Without the pictures, restate all of the data below word for word.
[[ Records for processing, beginning ]]
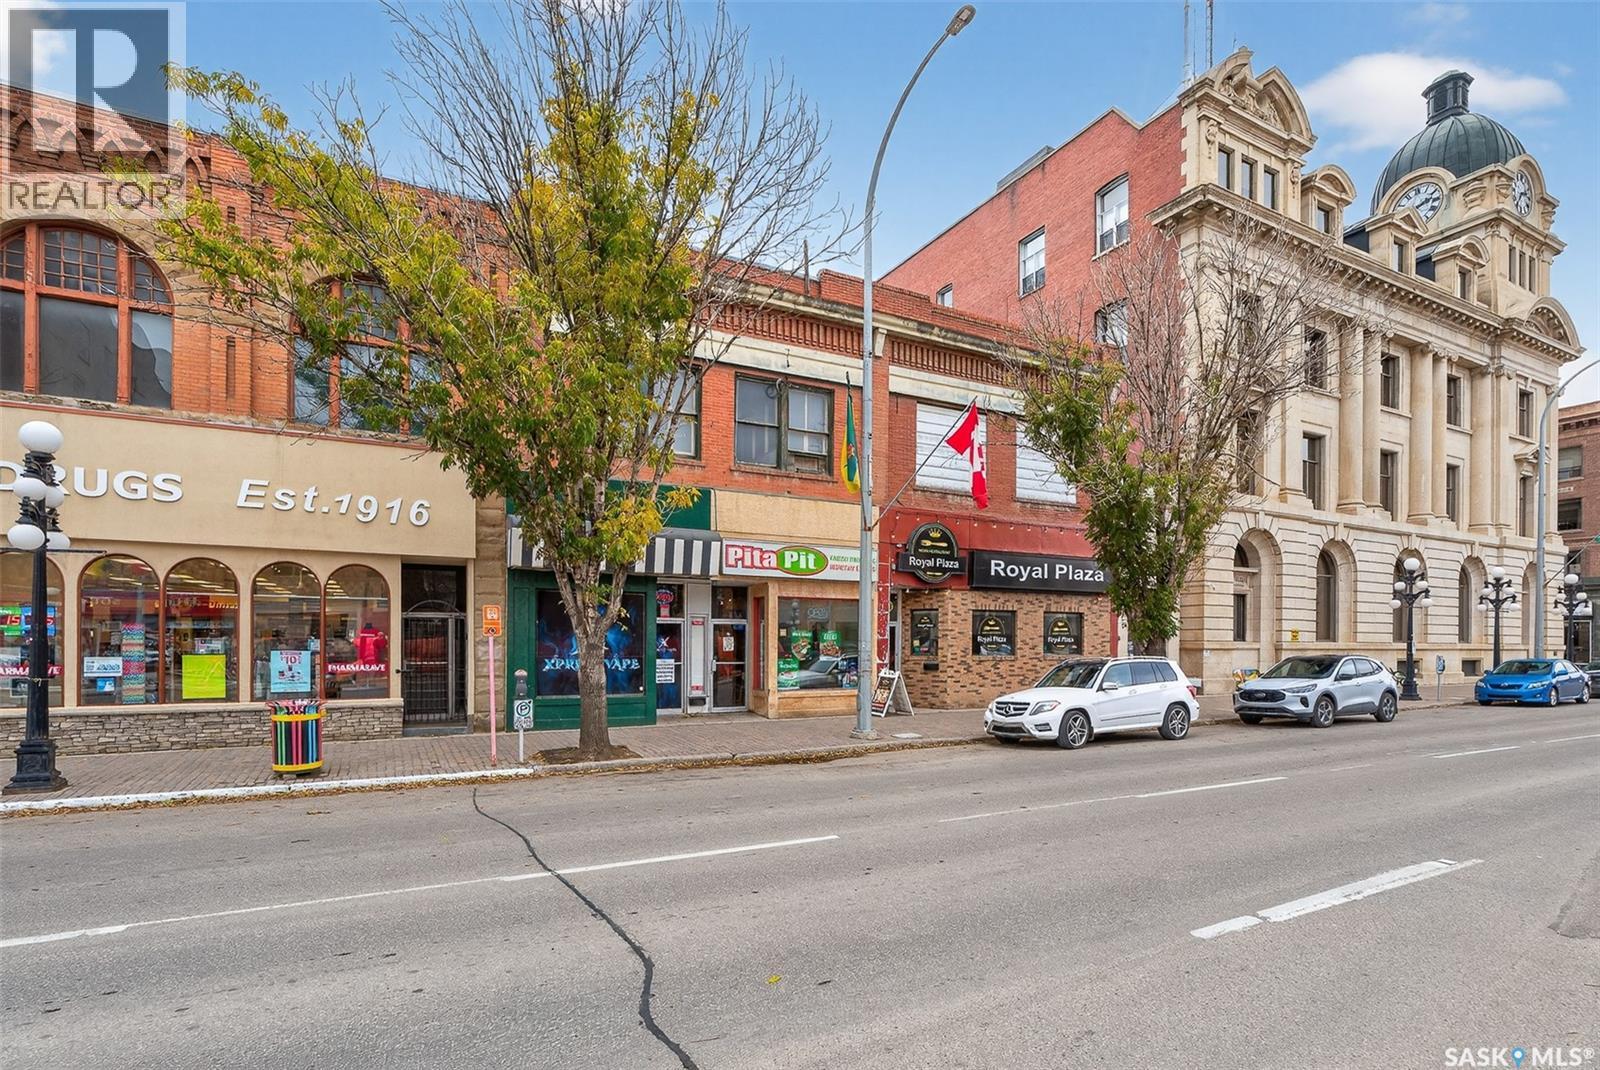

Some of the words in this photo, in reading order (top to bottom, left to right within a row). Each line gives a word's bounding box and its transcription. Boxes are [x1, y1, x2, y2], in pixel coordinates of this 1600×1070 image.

[725, 544, 778, 570] Pita
[784, 550, 817, 570] Pit
[909, 556, 935, 569] Royal
[936, 558, 960, 569] Plaza
[990, 559, 1049, 582] Royal
[1055, 563, 1105, 582] Plaza
[603, 654, 640, 671] VAPE
[[ Records for processing, end ]]
#### Answer:
Some of the words in this photo, in reading order (top to bottom, left to right within a row). Each line gives a word's bounding box and its transcription. Boxes are [x1, y1, x2, y2], in pixel coordinates of this 1600×1070 image.

[725, 544, 778, 570] Pita
[784, 550, 817, 570] Pit
[909, 556, 935, 569] Royal
[936, 558, 960, 569] Plaza
[990, 559, 1049, 582] Royal
[1055, 563, 1105, 582] Plaza
[603, 654, 640, 671] VAPE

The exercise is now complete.